*The problem*: Your answer must be only the lines below from the one containing "Some of the text" through the one containing "this 1280×1440 image.", copied exactly, with the pictures left out.

Source records
-------------------------

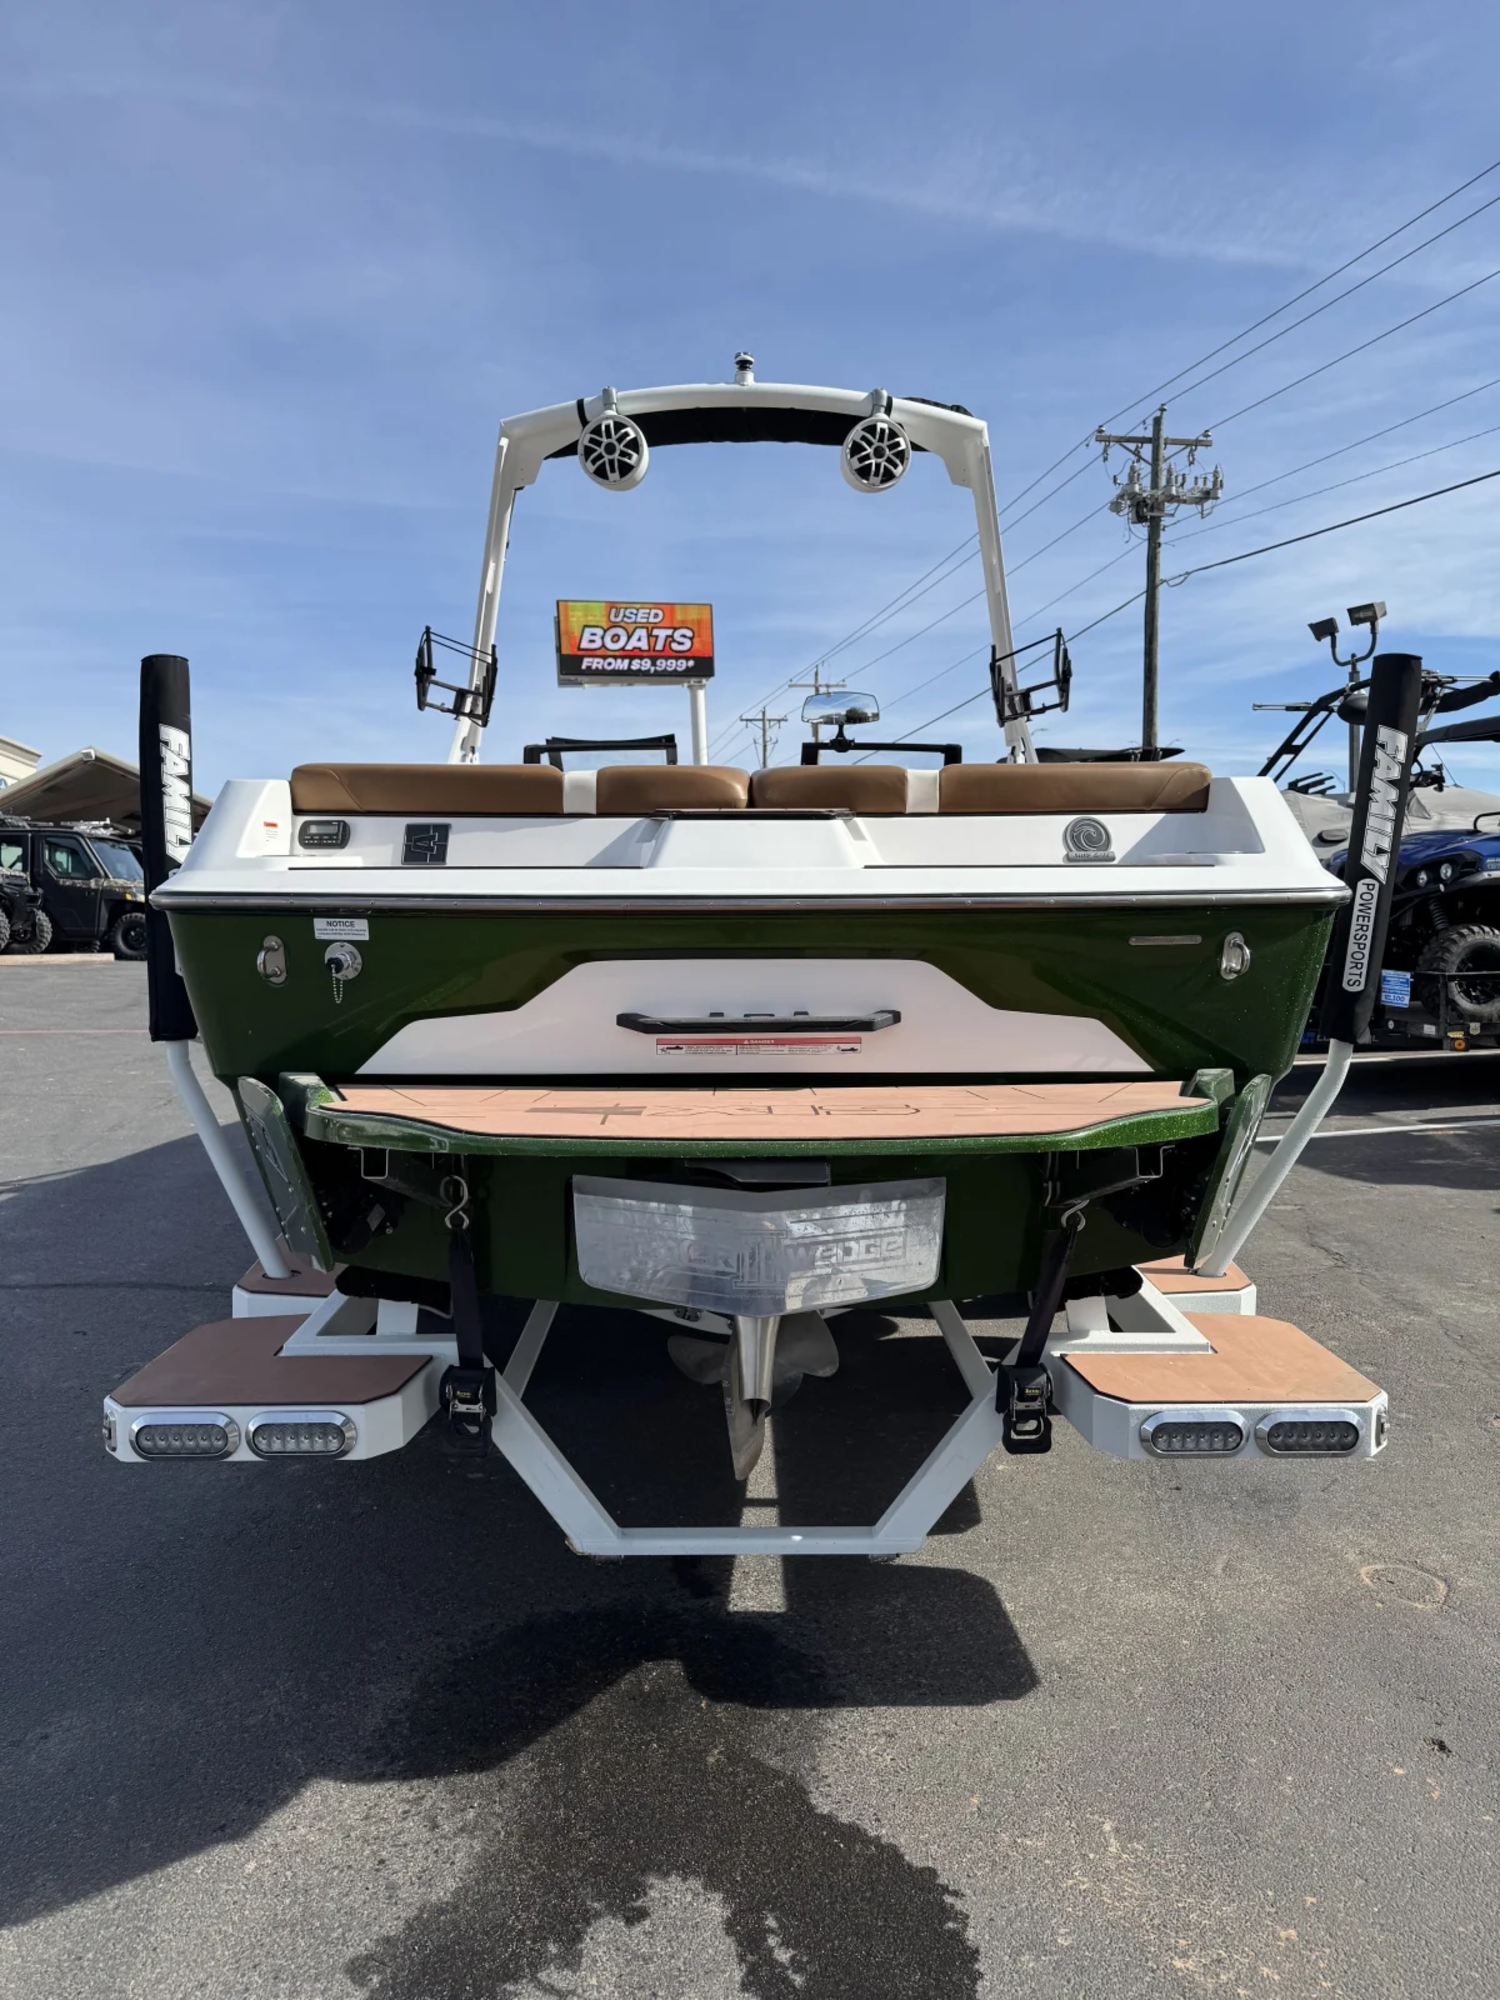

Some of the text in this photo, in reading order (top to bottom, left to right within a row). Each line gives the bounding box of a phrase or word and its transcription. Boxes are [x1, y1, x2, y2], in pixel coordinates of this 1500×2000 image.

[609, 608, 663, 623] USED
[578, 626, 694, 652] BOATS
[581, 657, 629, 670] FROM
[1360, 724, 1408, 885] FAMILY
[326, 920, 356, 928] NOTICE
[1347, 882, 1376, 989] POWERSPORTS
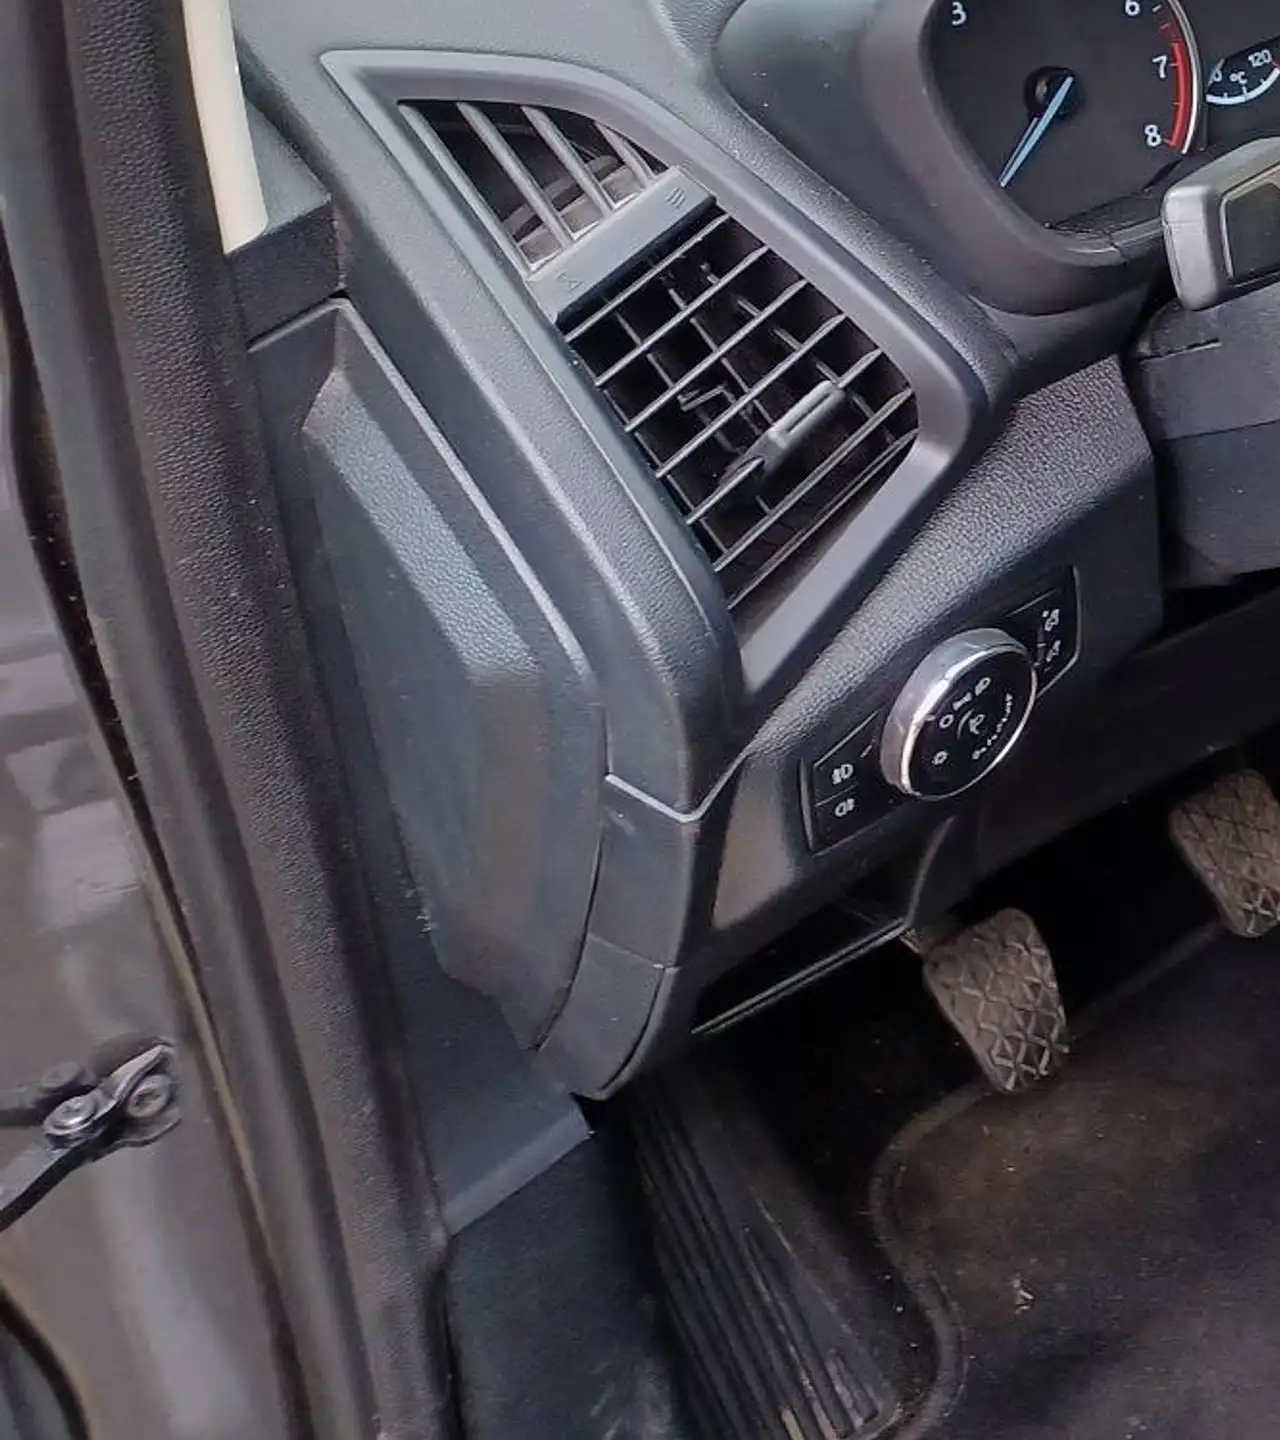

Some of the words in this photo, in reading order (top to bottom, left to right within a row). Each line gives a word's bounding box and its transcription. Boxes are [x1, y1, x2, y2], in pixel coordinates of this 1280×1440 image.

-------------------------

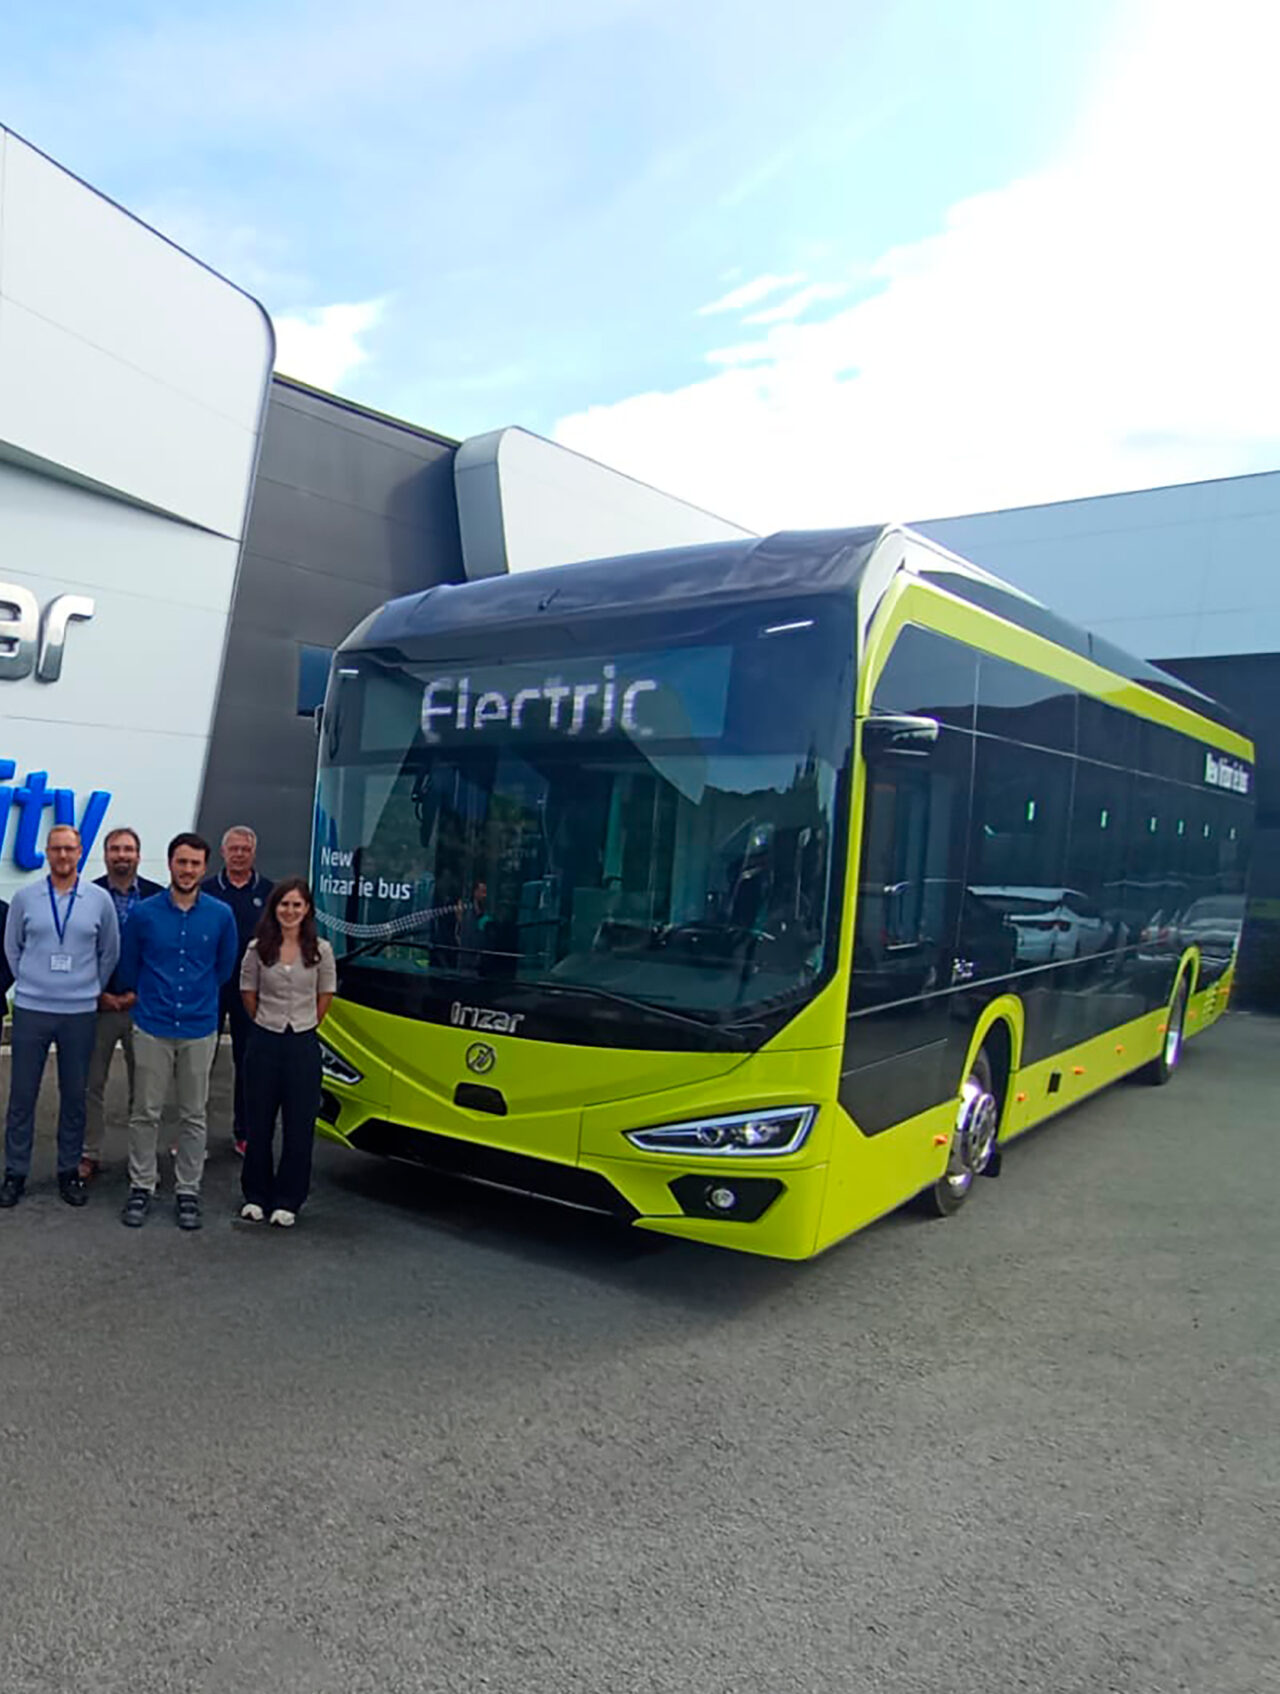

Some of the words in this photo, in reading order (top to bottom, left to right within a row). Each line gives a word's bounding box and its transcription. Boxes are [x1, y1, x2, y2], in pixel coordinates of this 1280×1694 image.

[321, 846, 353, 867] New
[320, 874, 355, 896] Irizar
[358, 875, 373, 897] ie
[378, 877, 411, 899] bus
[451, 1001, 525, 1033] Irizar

-------------------------

*Problem solution*:
Some of the text in this photo, in reading order (top to bottom, left to right within a row). Each line gives the bounding box of a phrase or word and its transcription. Boxes are [x1, y1, x2, y2], in pixel coordinates of this 1500×2000 image.

[609, 608, 663, 623] USED
[578, 626, 694, 652] BOATS
[581, 657, 629, 670] FROM
[1360, 724, 1408, 885] FAMILY
[326, 920, 356, 928] NOTICE
[1347, 882, 1376, 989] POWERSPORTS

Some of the words in this photo, in reading order (top to bottom, left to right within a row). Each line gives a word's bounding box and its transcription. Boxes are [x1, y1, x2, y2], in pixel coordinates of this 1280×1440 image.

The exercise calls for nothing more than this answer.